Marlen Ochoa-Lopez, 19, was nine months pregnant when she was lured to a South Side home in April and murdered. Her son Yovani was cut from her womb.
The oxygen supply was cut off for baby Yovani and caused brain damage, doctors said.
When he was finally taken to Christ Hospital, the Ochoa-Lopez’s family alleges the staff had suspicions the child did not belong to the woman claiming to be his mother yet did nothing.
Prosecutors said there were no signs that she had given birth.
“We don’t want another baby to fall through the cracks,” family spokesperson Julie Contreras said.
Marlen’s Law is sponsored by Batavia state representative Karina Villa. The details are still being worked out but if passed into law, it would require hospital staff to check the identification of an adult bringing in a newborn for care. Babies born at home, adopted babies, babies brought in by day care staff should all have identification that links them to that child. In the case of Yovani, there was none.
Christ Hospital cited privacy laws as the reason for not contacting authorities.
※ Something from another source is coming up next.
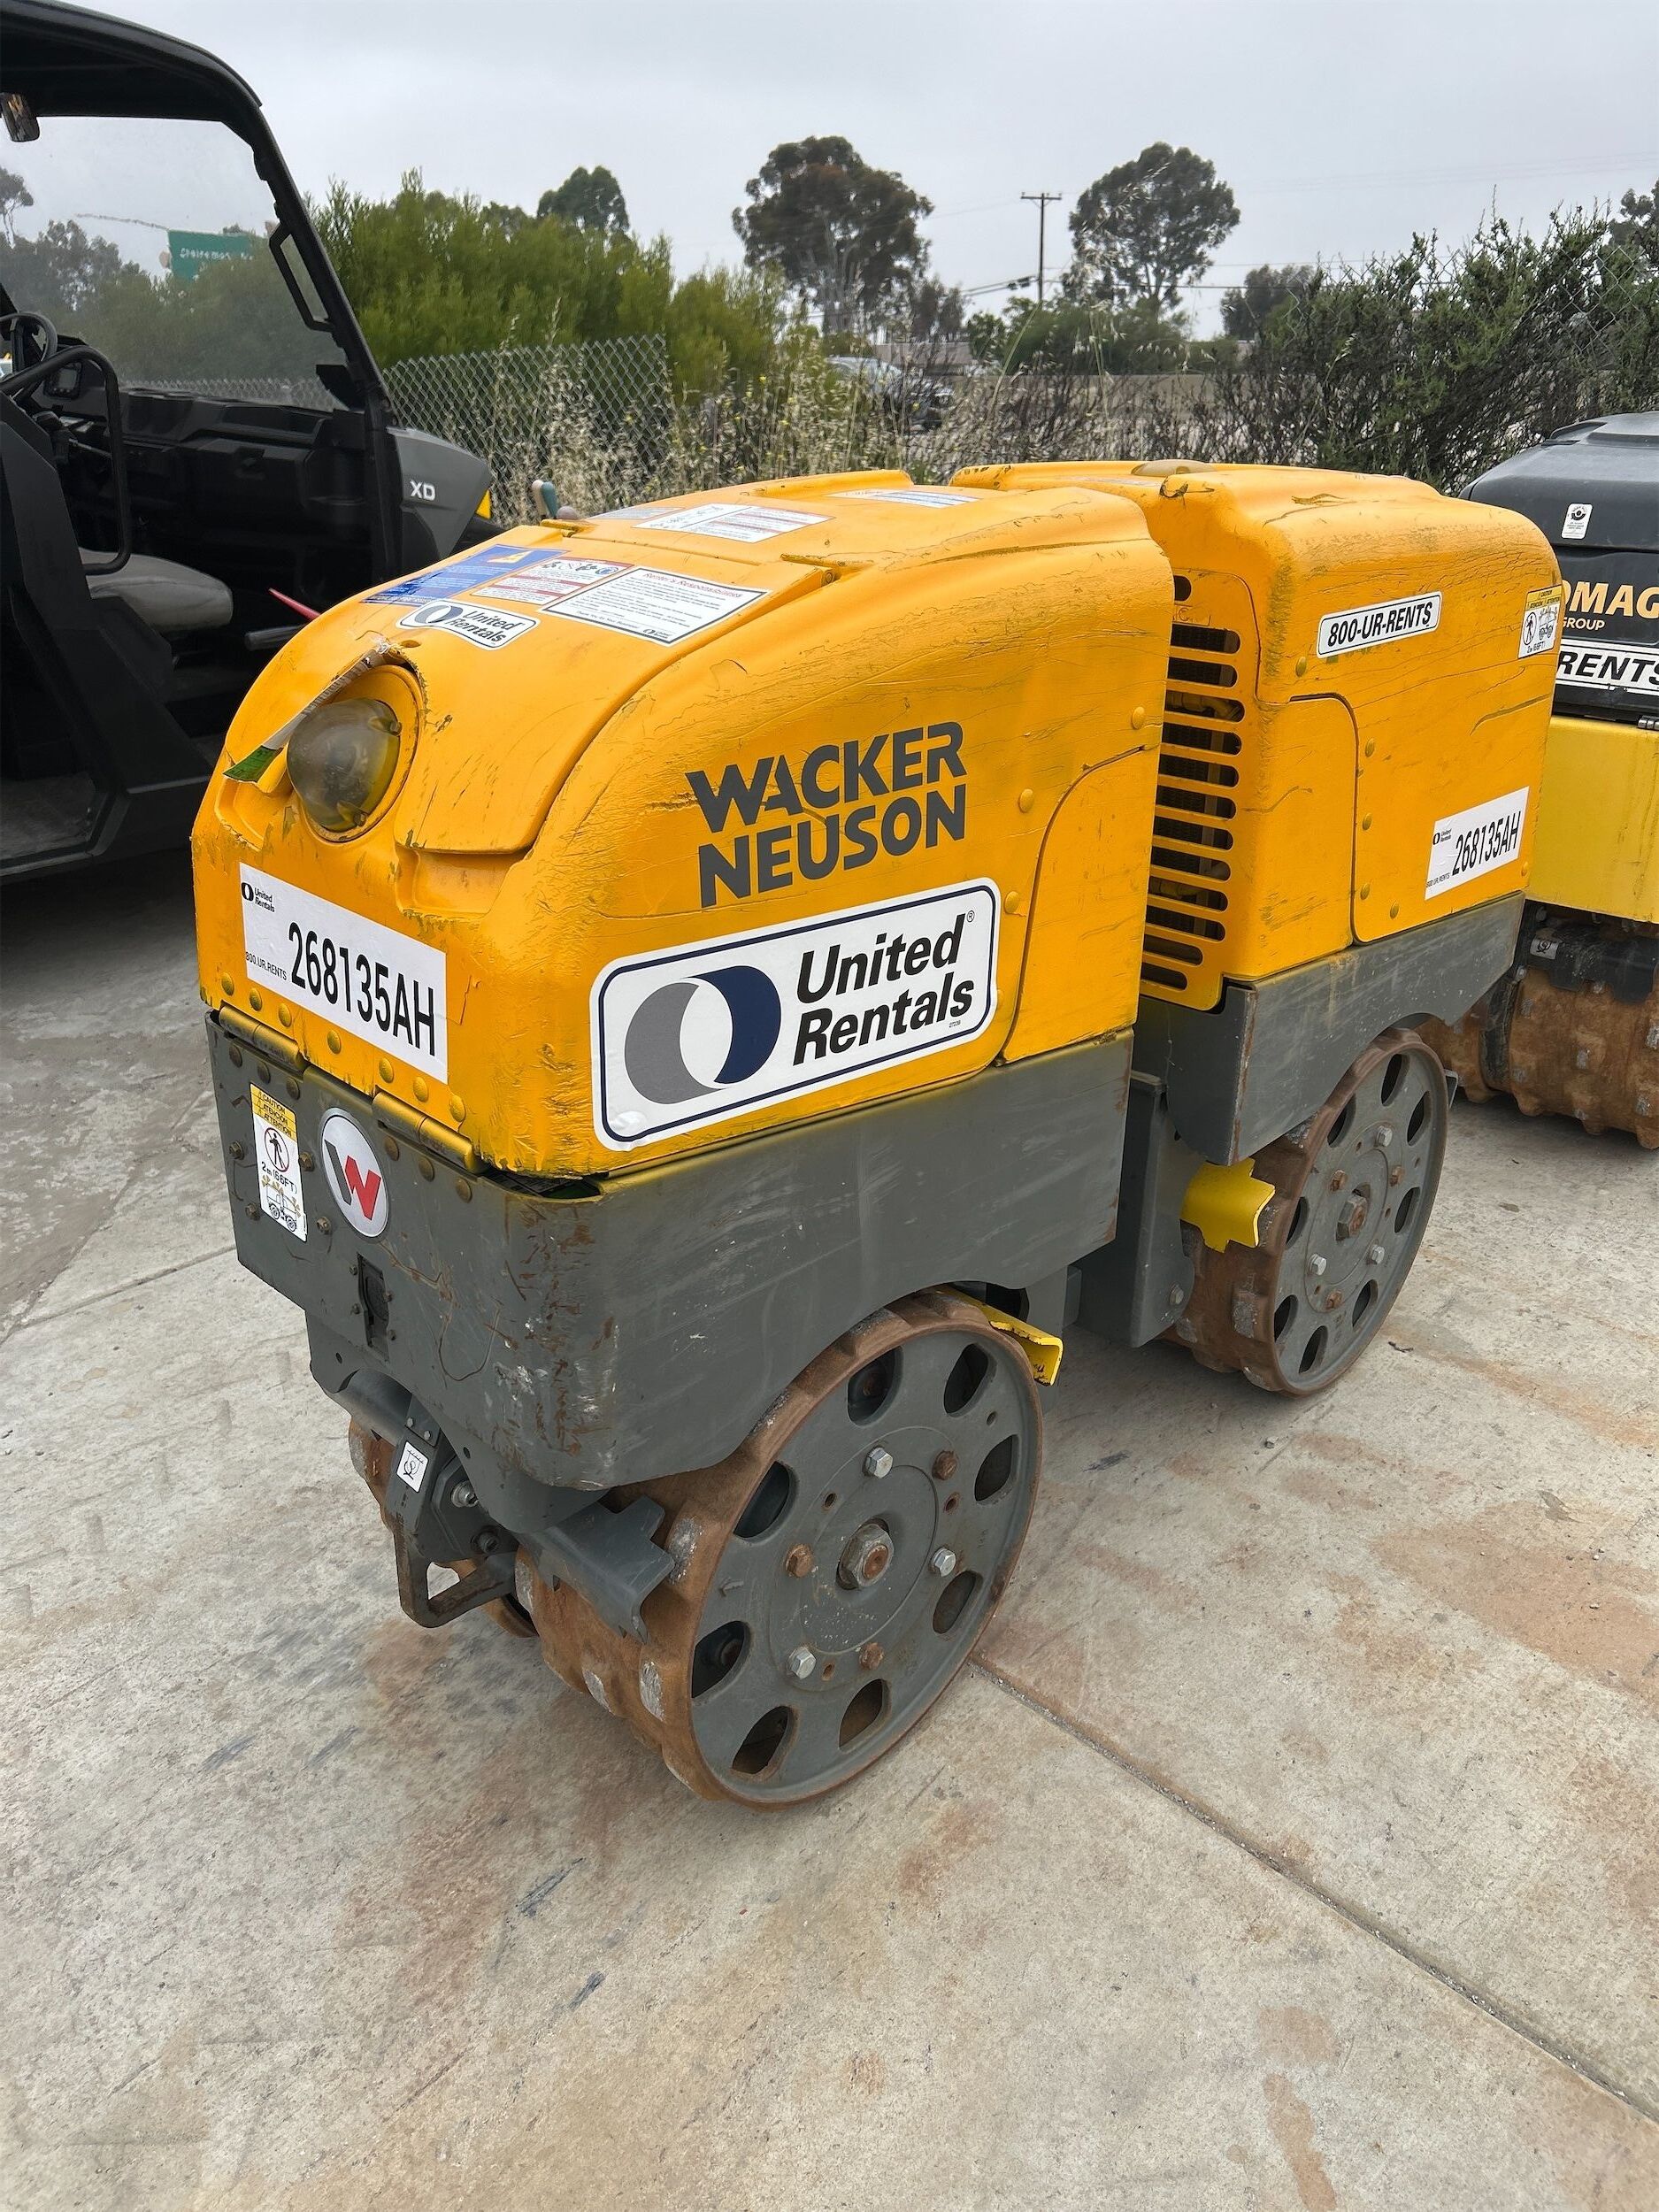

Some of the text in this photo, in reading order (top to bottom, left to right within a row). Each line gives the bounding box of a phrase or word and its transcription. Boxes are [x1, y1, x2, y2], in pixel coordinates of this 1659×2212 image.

Contreras said she doesn’t believe this law would violate anyone’s civil rights. In fact, she said this should be part of protocol.
“We need to protect infants, specifically that vulnerable from people part of a human trafficking ring, part of a pedophile ring,” she said.
Another portion of the bill would require DNA testing of a child brought to the hospital without proper identification. Villa and Ochoa-Lopez’s family plan to meet next week to discuss the particulars.
The bill would not be introduced until next year.
Three people are charged in Ochoa-Lopez’s murder.